Living Hope Counseling Center

Living Hope Counseling Center Living Hope Counseling Center offers hope for marriages, families, and other relationships by receiving counsel from the Master Healer, Jesus Christ.

Beautifully written by one who has experienced this.
08/26/2025

Beautifully written by one who has experienced this.

My dear friend,

I was saddened, but not wholly surprised, to hear you are thinking about divorce.

As I understand it, over the years you and your husband have argued with increasing bitterness. He doesn’t appreciate your many sacrifices on his behalf. He’s not a great provider. Glued to his phone, he ignores the kids and their needs unless you remind him. You look at old photos and cry, unable to recapture the passion you know you must have felt. It’s hard to admit, but sometimes you feel repulsed by the man you are supposed to love. The world is in crisis, and your marriage feels like one more disaster. You want out.

I know you love Christ and want to serve him.
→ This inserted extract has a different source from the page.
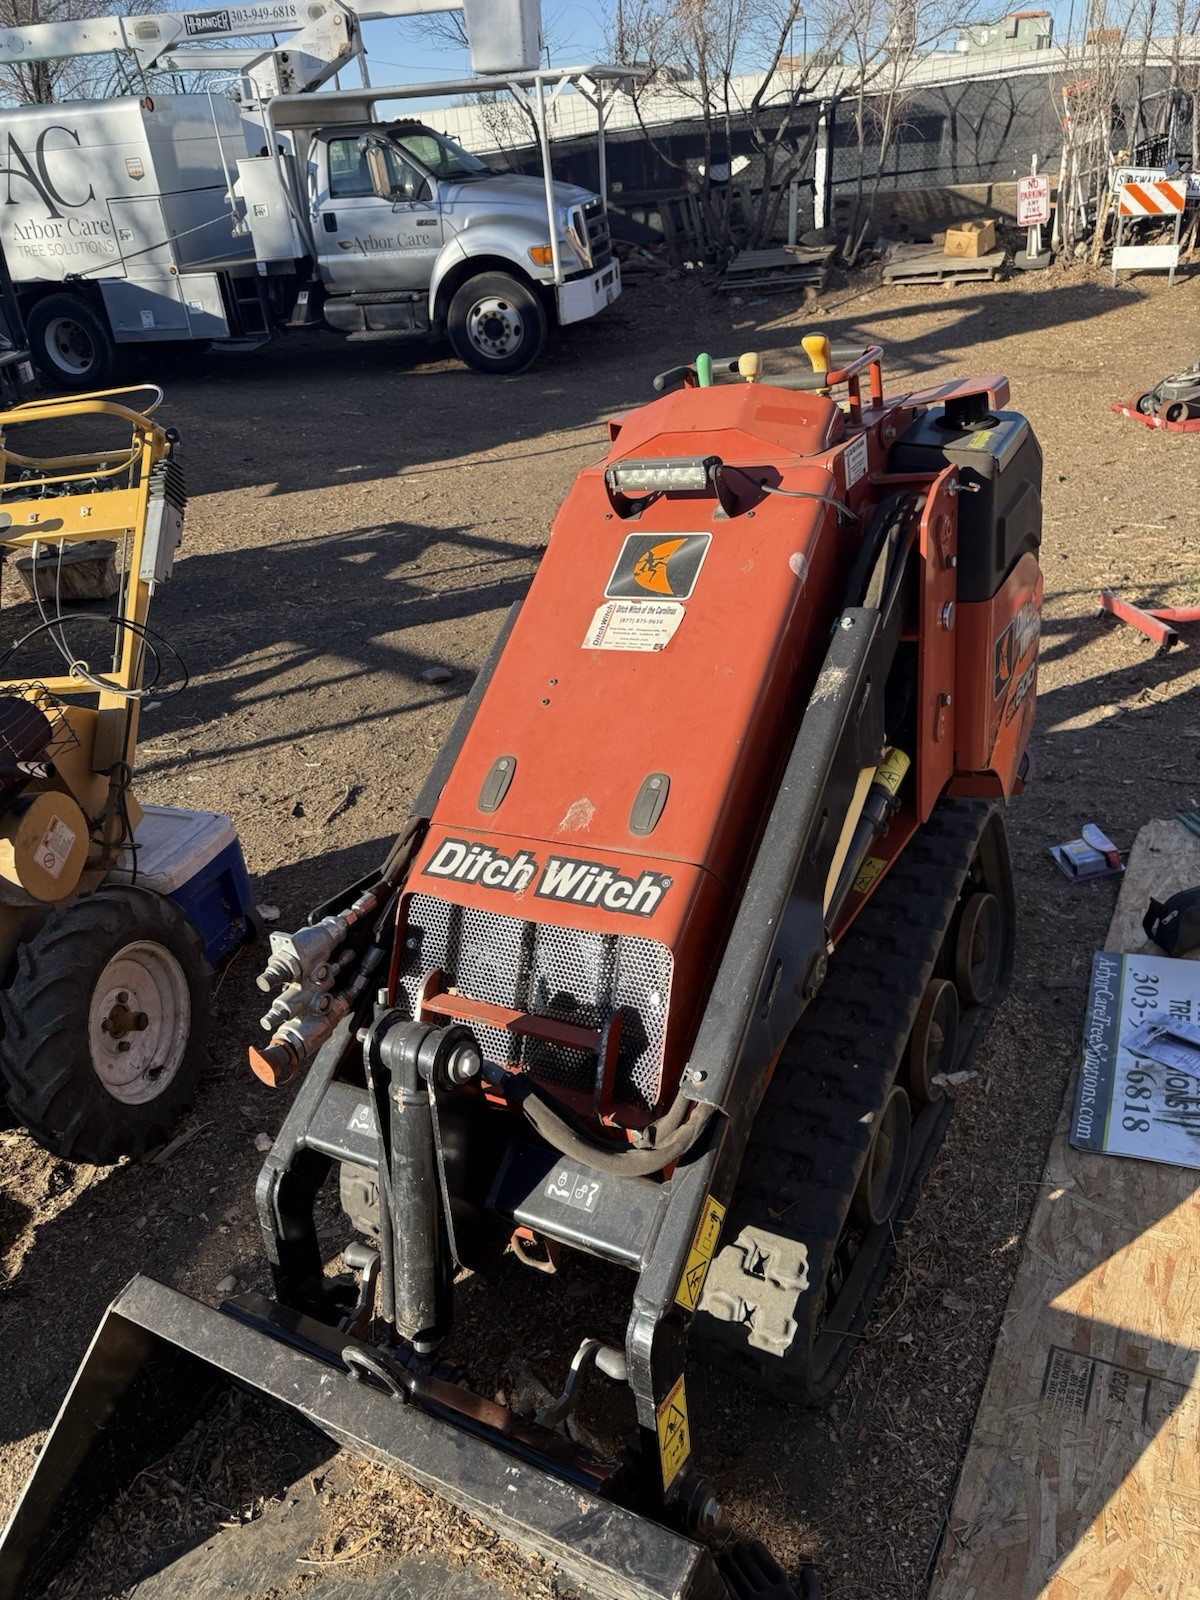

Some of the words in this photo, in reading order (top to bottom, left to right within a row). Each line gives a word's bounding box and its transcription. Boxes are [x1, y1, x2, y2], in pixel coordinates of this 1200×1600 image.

You also know that God forbids divorce, except in certain cases like adultery, abuse, and abandonment (Matt. 5:23; 1 Cor. 7:15). But you are struggling. You don’t have biblical grounds for divorce, but your marriage is loveless and filled with fighting. It’s hard to imagine God wants you to stay.

𝐑𝐞𝐝𝐞𝐦𝐩𝐭𝐢𝐯𝐞 𝐈𝐦𝐚𝐠𝐢𝐧𝐚𝐭𝐢𝐨𝐧
This is the place where imagination is most needed. I want you to see and believe that marriage is bigger, much bigger, than our individual happiness. God himself conducted the first wedding ceremony, fashioning Eve and presenting her to Adam (Gen. 2:21–24). Even after sin entered the world, God’s good plan for marriage continued. Jesus still said, “What God has joined together, let not man separate” (Mark 10:9). Divorce goes against created order, rips the cosmos.
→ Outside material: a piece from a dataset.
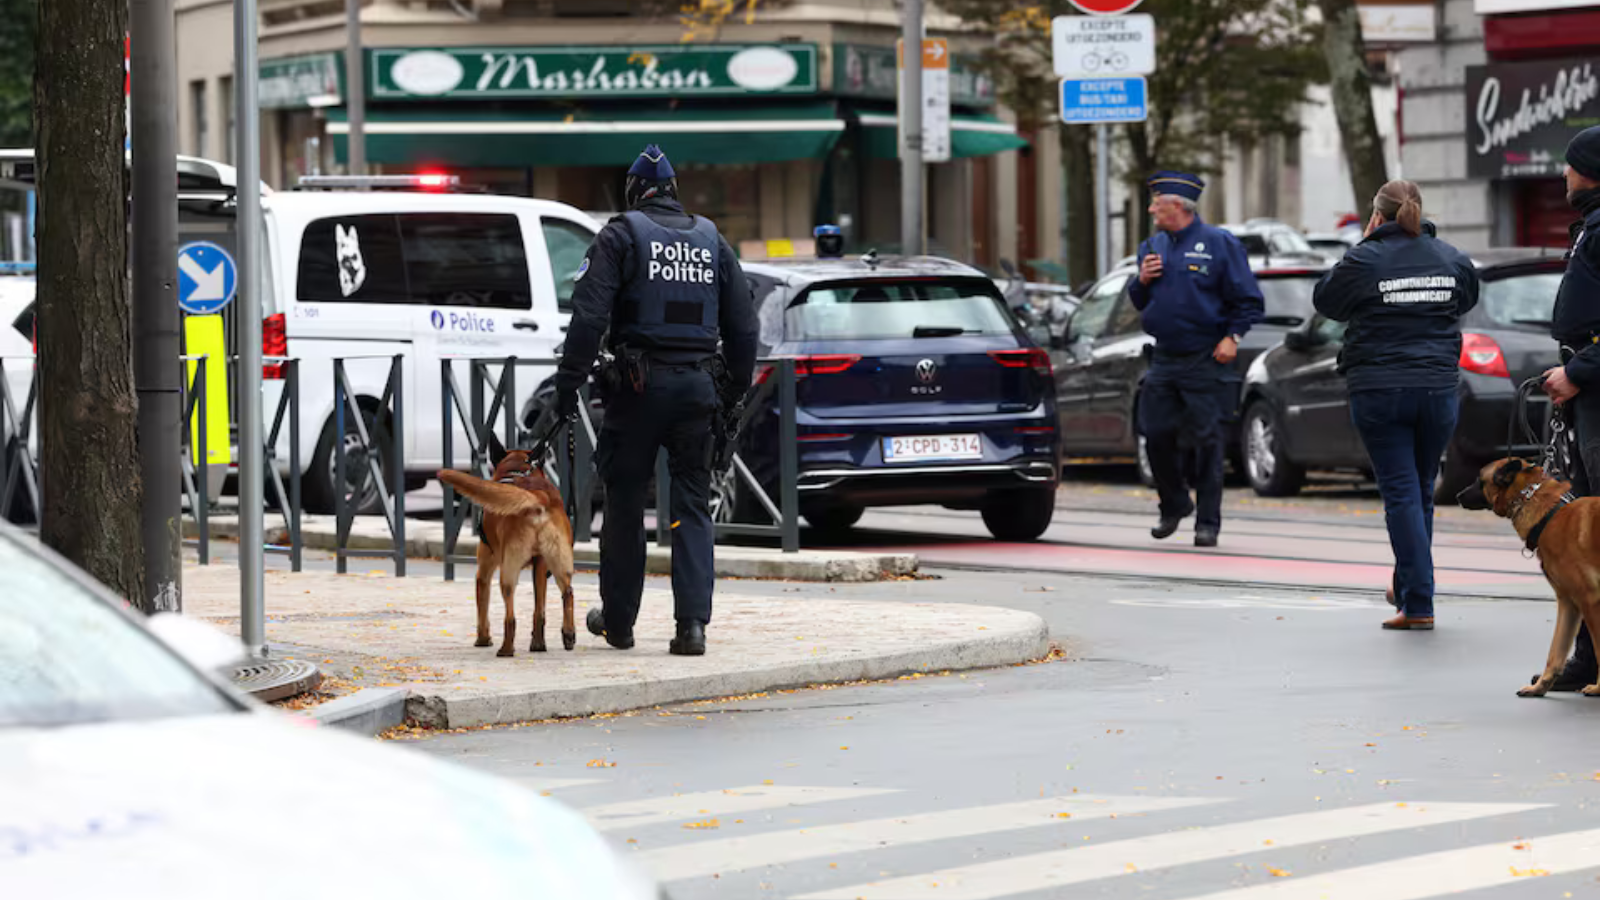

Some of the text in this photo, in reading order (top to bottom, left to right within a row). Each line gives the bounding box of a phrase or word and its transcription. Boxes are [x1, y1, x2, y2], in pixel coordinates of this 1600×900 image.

[651, 241, 712, 263] Police
[648, 261, 714, 284] Politie
[450, 313, 494, 332] Police
[911, 386, 942, 394] GOLF
Divorce also spoils our witness to the gospel. Marriage is a living metaphor of Christ and the church (Eph. 5:22–33). Of course, fallen husbands do not, and cannot, love their wives as deeply as Christ loves the church. And until the day sin is finally vanquished, fallen wives will struggle to submit to their husbands. We model spiritual truths imperfectly. Even so, the gospel shines through our embodied picture, sometimes loudly and sometimes softly—until divorce shatters that picture.

Perhaps your imagination still fails you. Intellectually, you understand God’s great design for marriage. At the same time, it seems impossible to remain, day after day, with this husband who continually fails you. May I offer some thoughts from hard experience?

𝐈 𝐇𝐚𝐯𝐞 𝐁𝐞𝐞𝐧 𝐓𝐡𝐞𝐫𝐞
I was divorced after three children and 10 years of marriage. Since that time, almost two decades ago, I have counseled many women weathering divorce and its aftermath. I can tell you confidently that divorce is worse than you think. If you go through with divorce, you will experience extreme emotional distress, including sadness, anger, and shame. You will feel alone. Conflict with your husband will probably accelerate, pulling friends and family into the vortex. And you will lose any semblance of control over your life.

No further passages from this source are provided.